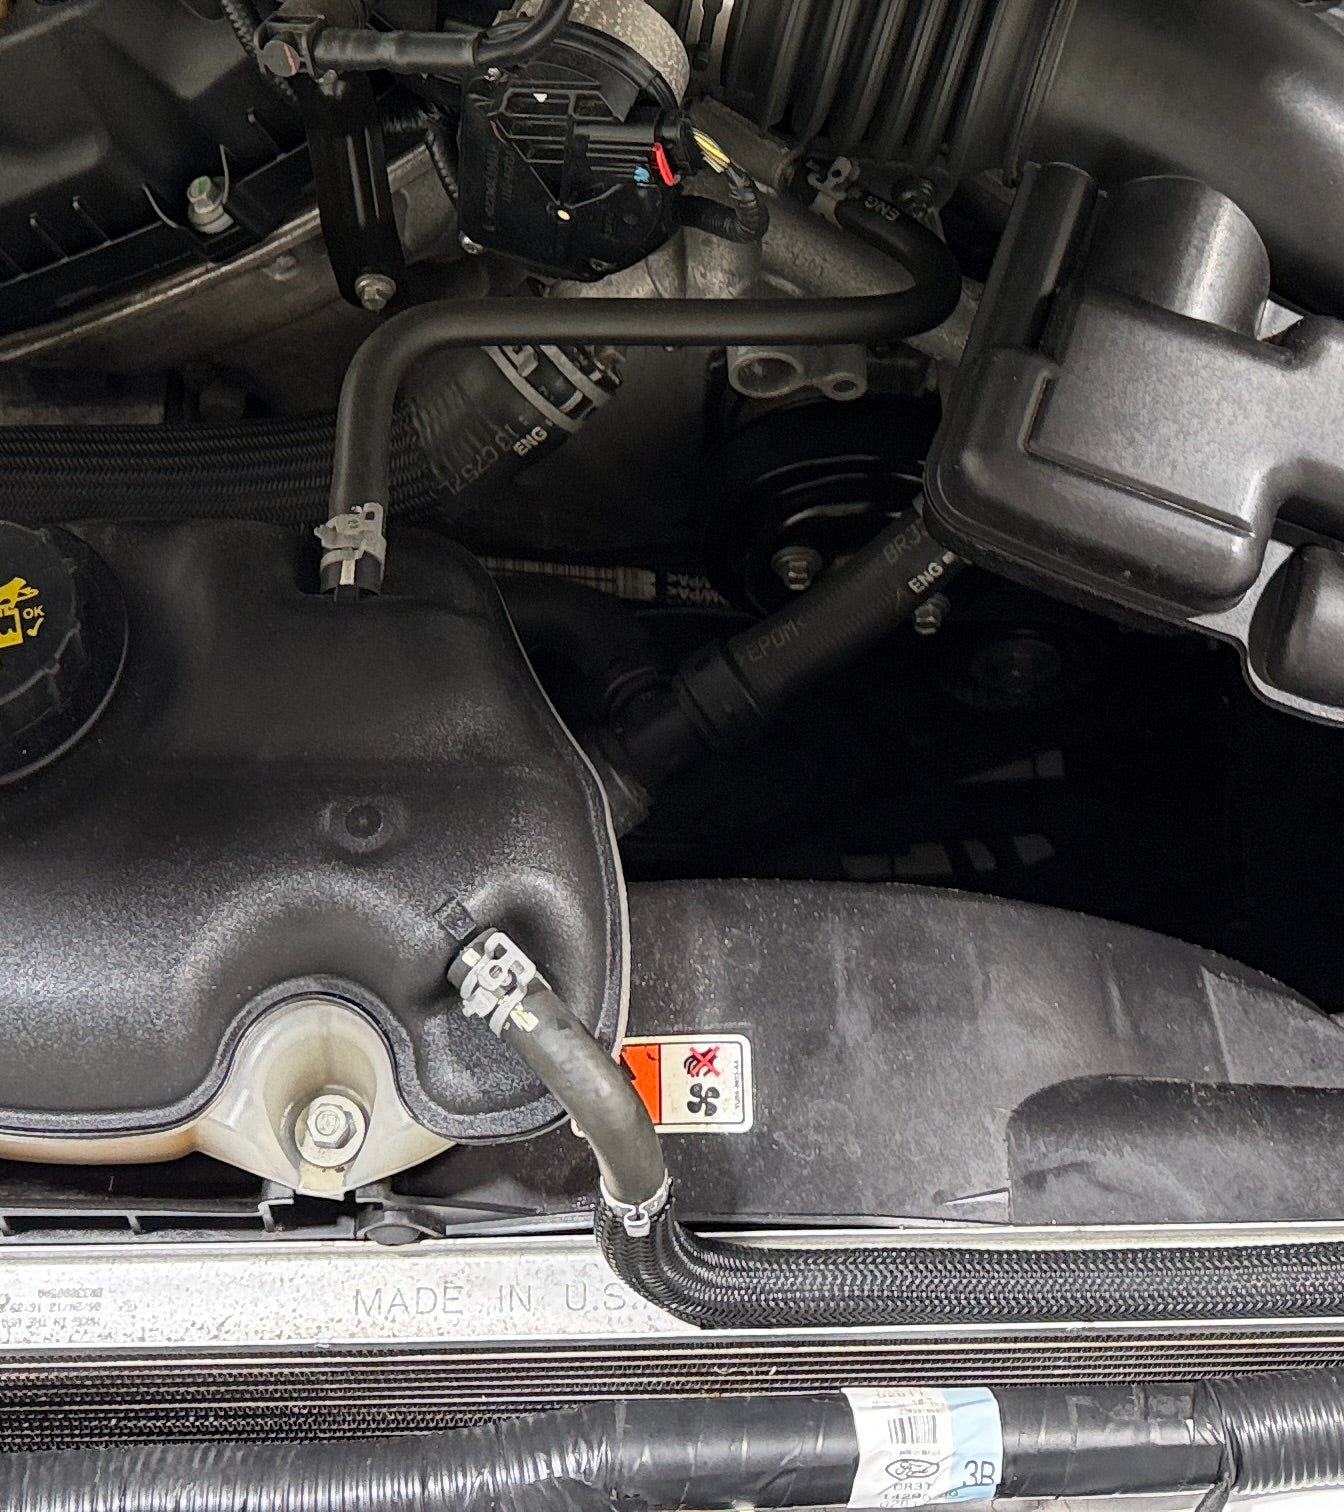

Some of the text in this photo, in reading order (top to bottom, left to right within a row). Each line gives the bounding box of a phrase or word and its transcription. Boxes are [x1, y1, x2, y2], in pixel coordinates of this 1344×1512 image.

[513, 425, 548, 457] ENG
[907, 560, 944, 595] ENG
[22, 604, 46, 620] OK
[354, 1284, 463, 1318] MADE
[499, 1284, 532, 1314] IN
[964, 1460, 996, 1487] 3B
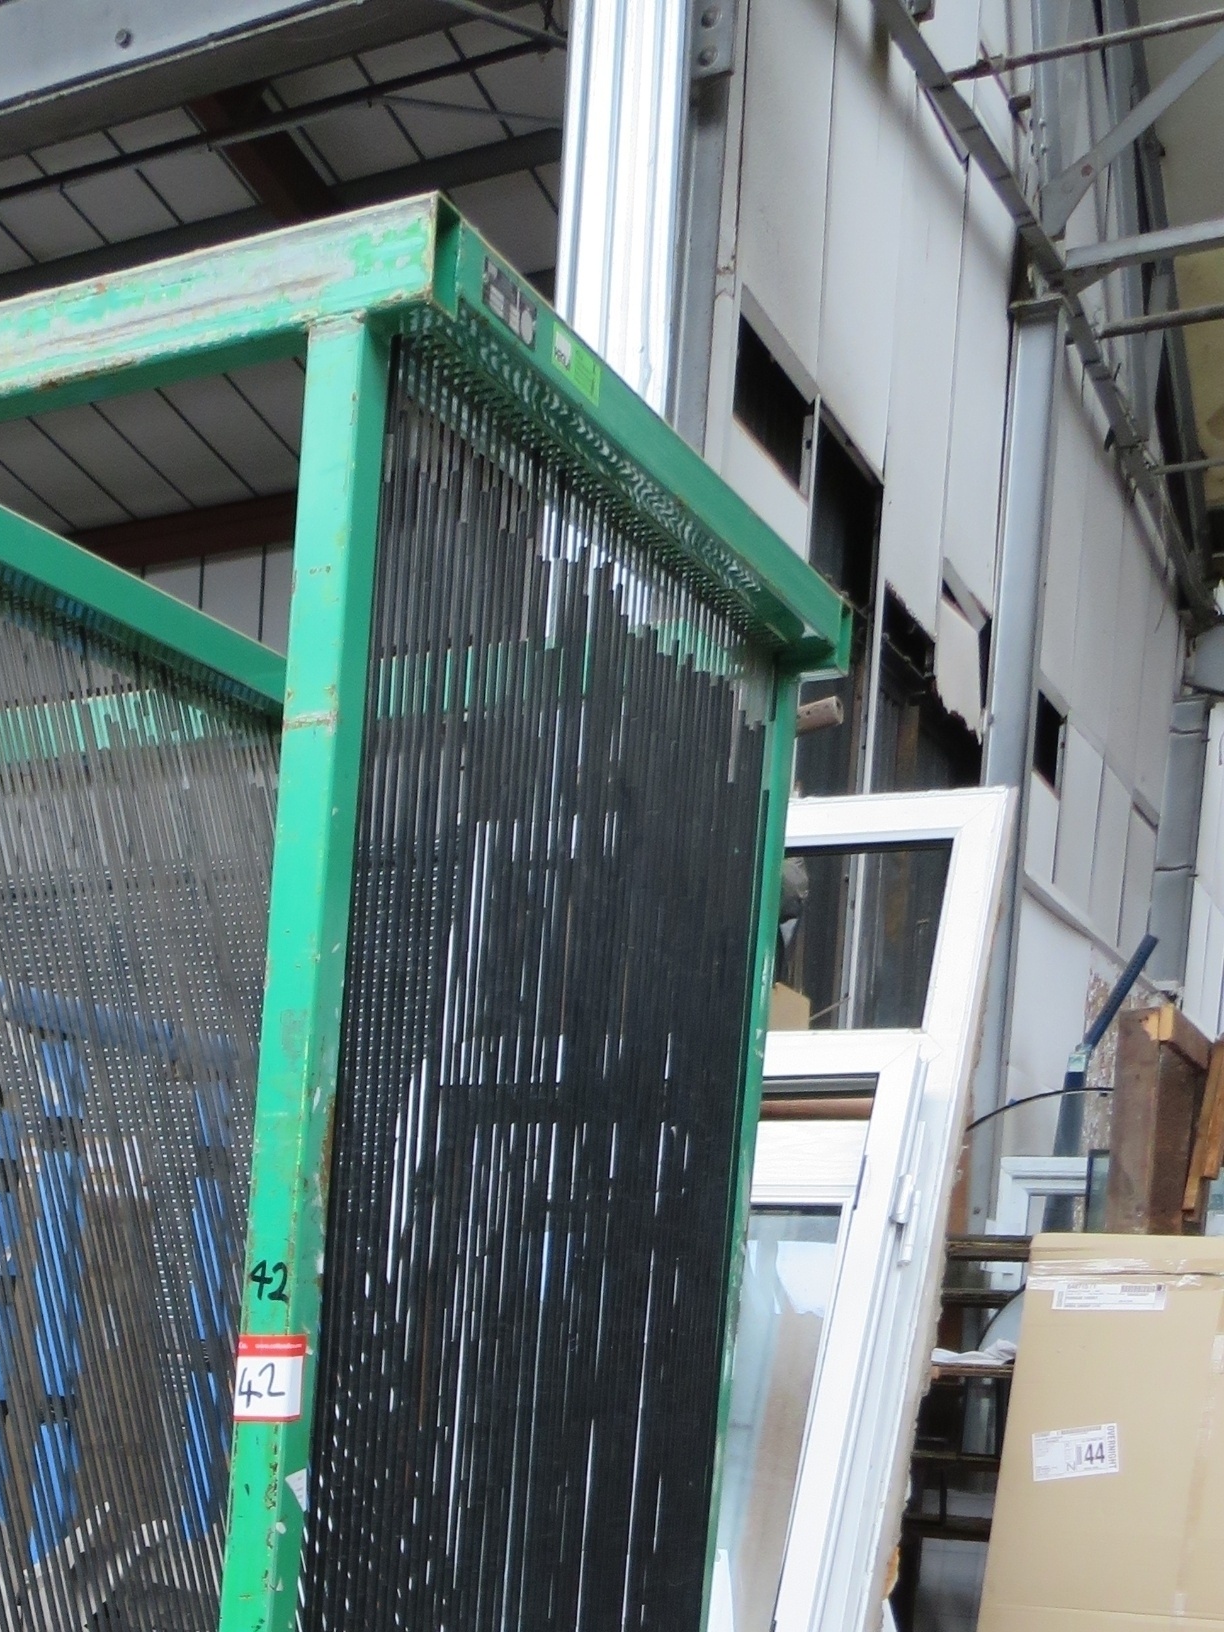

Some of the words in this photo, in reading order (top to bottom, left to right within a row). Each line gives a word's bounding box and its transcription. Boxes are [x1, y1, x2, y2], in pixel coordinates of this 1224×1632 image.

[250, 1260, 288, 1302] 42
[238, 1362, 285, 1408] 42
[1084, 1441, 1105, 1465] 44
[1107, 1425, 1117, 1469] OVERNIGHT
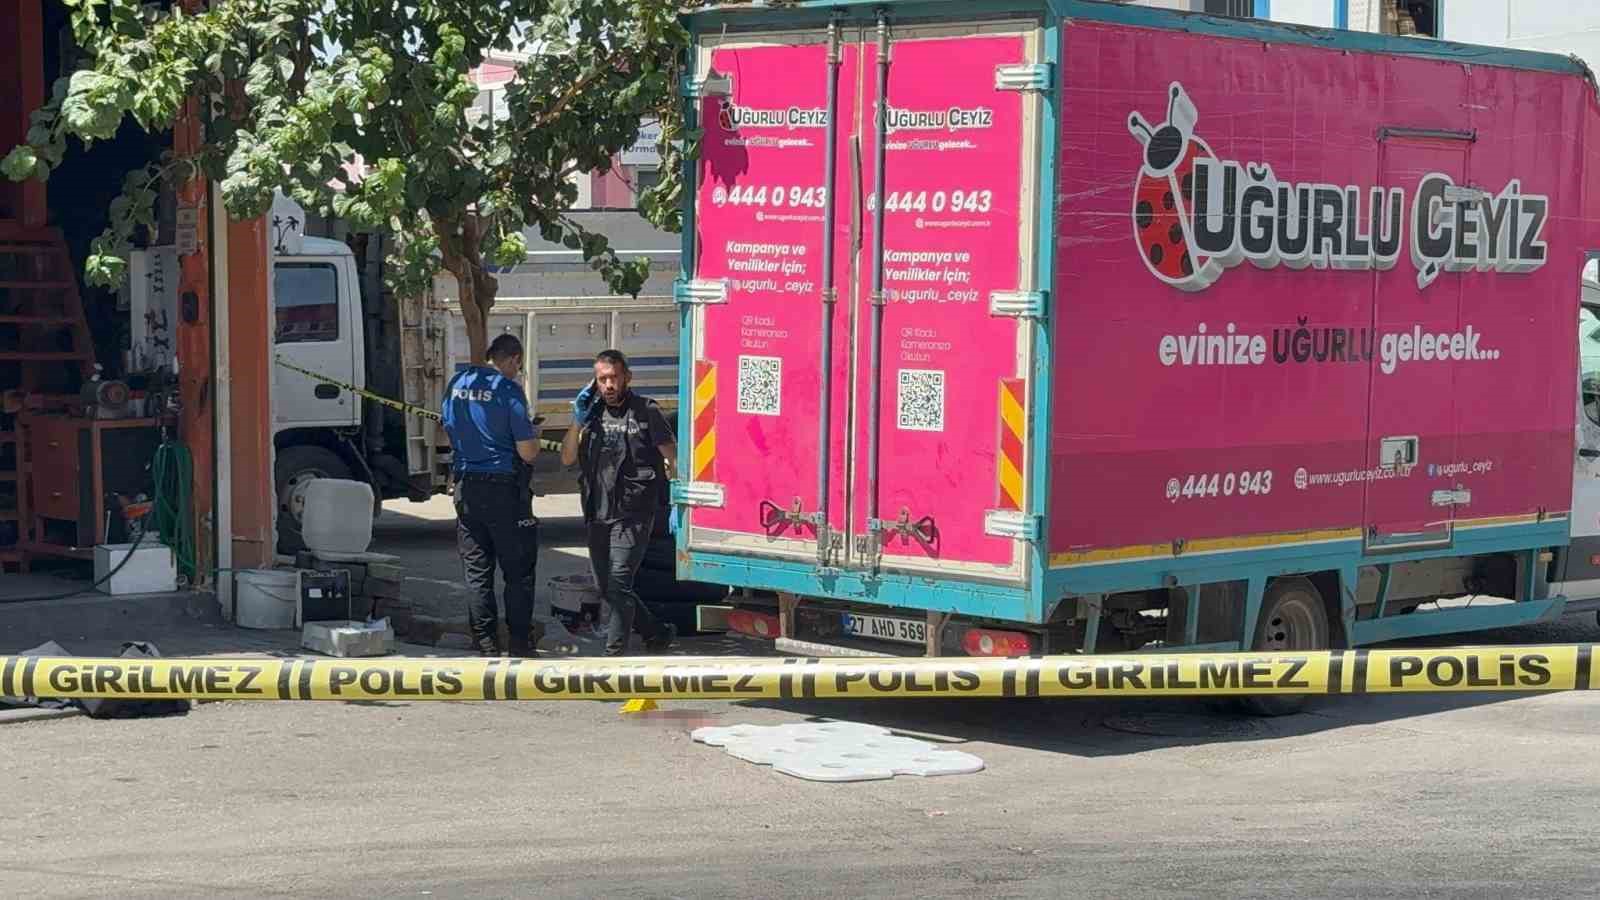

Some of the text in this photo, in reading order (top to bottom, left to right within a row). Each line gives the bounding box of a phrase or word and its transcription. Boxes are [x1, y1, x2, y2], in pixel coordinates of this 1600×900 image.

[728, 185, 827, 208] 444 0 943
[885, 190, 992, 213] 444 0 943
[1193, 158, 1549, 290] UĞURLU ÇEYİZ
[726, 241, 806, 258] Kampanya ve
[883, 249, 970, 266] Kampanya ve
[728, 258, 780, 273] Yenilikler
[885, 267, 942, 281] Yenilikler
[1159, 315, 1500, 374] evinize UĞURLU gelecek...
[1182, 470, 1273, 499] 444 0 943
[850, 616, 924, 641] 27 AHD 569
[329, 667, 463, 695] POLİS
[1389, 654, 1551, 687] POLİS

========

* Problem description *
Type out each line of the records above exactly, skipping any pictures.

* Problem solution *
Some of the text in this photo, in reading order (top to bottom, left to right within a row). Each line gives the bounding box of a phrase or word and its transcription. Boxes are [x1, y1, x2, y2], in pixel coordinates of this 1344×1512 image.

[513, 425, 548, 457] ENG
[907, 560, 944, 595] ENG
[22, 604, 46, 620] OK
[354, 1284, 463, 1318] MADE
[499, 1284, 532, 1314] IN
[964, 1460, 996, 1487] 3B

Some of the words in this photo, in reading order (top to bottom, left to right within a row). Each line gives a word's bounding box and its transcription. Boxes are [x1, y1, x2, y2], in pixel coordinates of this 1224×1632 image.

[250, 1260, 288, 1302] 42
[238, 1362, 285, 1408] 42
[1084, 1441, 1105, 1465] 44
[1107, 1425, 1117, 1469] OVERNIGHT

Some of the text in this photo, in reading order (top to bottom, left to right within a row). Each line gives the bounding box of a phrase or word and its transcription. Boxes are [x1, y1, x2, y2], in pixel coordinates of this 1600×900 image.

[728, 185, 827, 208] 444 0 943
[885, 190, 992, 213] 444 0 943
[1193, 158, 1549, 290] UĞURLU ÇEYİZ
[726, 241, 806, 258] Kampanya ve
[883, 249, 970, 266] Kampanya ve
[728, 258, 780, 273] Yenilikler
[885, 267, 942, 281] Yenilikler
[1159, 315, 1500, 374] evinize UĞURLU gelecek...
[1182, 470, 1273, 499] 444 0 943
[850, 616, 924, 641] 27 AHD 569
[329, 667, 463, 695] POLİS
[1389, 654, 1551, 687] POLİS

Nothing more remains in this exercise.